Similarly, there’s a parameter “use all fourier components” in the empirical dose weight section. If this weirdness is because the high frequencies are too empty/noisy and messing up the fit, you could turn this parameter off, in which case you’ll only fit against the subset of the fourier components that were used for alignment during hyperparameter optimization.
You don’t necessarily need to try both at the same time, though the hyperparameter optimization does look wonky so I’d definitely go after that first.
@rbs_sci - I’ve now tried extensive search with a soft edge spherical mask to the edge of the box (running with no connected mask gave the message that a mask must be provided).
This was also on curated set of micrographs (with higher particle numbers and good CTF fit resolution).
So I think using a loose mask has helped a bit, and/or curating micrographs.

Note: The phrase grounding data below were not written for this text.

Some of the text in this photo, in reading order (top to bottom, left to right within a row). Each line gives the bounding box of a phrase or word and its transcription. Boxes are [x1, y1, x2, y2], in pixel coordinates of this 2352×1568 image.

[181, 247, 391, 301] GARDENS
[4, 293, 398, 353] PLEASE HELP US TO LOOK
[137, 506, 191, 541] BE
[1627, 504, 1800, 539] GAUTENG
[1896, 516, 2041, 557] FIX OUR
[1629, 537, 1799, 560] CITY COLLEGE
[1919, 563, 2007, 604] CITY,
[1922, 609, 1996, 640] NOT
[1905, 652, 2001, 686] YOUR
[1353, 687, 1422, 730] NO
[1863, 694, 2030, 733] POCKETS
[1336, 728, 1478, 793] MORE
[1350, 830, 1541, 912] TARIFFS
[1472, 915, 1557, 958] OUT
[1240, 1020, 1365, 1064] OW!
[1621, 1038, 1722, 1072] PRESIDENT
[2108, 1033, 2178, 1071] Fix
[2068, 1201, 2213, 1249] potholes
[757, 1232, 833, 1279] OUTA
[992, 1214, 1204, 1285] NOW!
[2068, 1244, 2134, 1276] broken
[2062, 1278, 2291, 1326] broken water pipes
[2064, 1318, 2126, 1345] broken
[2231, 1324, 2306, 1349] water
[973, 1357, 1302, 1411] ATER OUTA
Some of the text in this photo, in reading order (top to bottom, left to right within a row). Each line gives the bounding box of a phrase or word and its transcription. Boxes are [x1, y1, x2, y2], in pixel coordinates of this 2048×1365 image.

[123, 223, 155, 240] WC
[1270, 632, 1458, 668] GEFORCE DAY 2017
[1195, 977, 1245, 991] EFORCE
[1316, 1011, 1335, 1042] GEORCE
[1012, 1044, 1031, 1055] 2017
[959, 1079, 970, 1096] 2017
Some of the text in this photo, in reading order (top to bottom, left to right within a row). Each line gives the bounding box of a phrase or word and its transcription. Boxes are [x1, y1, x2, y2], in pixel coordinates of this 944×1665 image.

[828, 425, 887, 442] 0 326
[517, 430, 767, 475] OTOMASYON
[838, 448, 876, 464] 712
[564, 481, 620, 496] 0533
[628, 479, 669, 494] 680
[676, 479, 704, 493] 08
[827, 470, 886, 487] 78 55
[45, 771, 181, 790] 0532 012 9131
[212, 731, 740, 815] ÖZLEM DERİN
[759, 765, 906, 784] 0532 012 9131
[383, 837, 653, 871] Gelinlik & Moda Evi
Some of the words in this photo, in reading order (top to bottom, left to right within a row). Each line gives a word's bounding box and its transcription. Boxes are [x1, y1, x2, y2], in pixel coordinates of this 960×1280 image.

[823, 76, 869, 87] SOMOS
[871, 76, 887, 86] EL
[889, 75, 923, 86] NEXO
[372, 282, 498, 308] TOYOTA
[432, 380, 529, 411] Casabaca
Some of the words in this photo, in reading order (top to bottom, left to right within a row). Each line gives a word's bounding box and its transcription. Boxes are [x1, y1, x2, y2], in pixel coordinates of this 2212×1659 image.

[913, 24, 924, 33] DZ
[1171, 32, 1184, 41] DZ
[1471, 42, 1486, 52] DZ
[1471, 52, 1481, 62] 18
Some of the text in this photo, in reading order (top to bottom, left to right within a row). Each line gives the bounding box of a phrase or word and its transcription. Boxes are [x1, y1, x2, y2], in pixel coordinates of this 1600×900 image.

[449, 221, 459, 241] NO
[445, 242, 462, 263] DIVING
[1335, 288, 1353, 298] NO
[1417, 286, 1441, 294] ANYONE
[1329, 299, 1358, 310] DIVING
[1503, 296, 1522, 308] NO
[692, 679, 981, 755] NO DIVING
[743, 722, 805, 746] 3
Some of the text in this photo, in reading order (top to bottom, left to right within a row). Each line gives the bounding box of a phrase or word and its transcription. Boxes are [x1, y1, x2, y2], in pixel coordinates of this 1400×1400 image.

@hsnyder - Thanks for these suggests. I agree about the signal in the FCC plot. The homorefinement resolution and map quality suggests that the high frequency information is there, but yes maybe just too noisy.
I’ll try changing the fraction of FCs in hyperparameter search. Is there a good way to estimate an appropriate value (e.g. 0.3) based on the FCC plot? Ideally I would try several values but the run times are very long.
Alternatively, can we manually select “best” hyperparameters from looking back through the search iterations?
Given that the spherical mask above is now giving a better FCC model fit, are we justified in using all fourier components in empirical dose weighting (leaving this switched on)?
For what it’s worth, exiting early isn’t necessarily a sign of a problem, it’s an optimization to avoid wasting time when you’ve already reached a point that we know can’t get better.
So I think using a loose mask has helped a bit, and/or curating micrographs.
My guess would be the curation was the dominant factor here, but interesting to know!
Is there a good way to estimate an appropriate value (e.g. 0.3) based on the FCC plot?
Unfortunately I don’t know of any way more principled than eyeballing the FCC plot and choosing some percentage of the distance across the horizontal axis that still leaves a good chunk of signal above it.
Alternatively, can we manually select “best” hyperparameters from looking back through the search iterations?
Yes you can! But since the cross validation scores are inaccurate when there’s inadequate signal in the high frequency band, you’re sort of guessing at what triplets will be good.
Given that the spherical mask above is now giving a better FCC model fit, are we justified in using all fourier components in empirical dose weighting (leaving this switched on)?
For this case, now that the FCC model fit looks good, I wouldn’t be worried about using all FCs.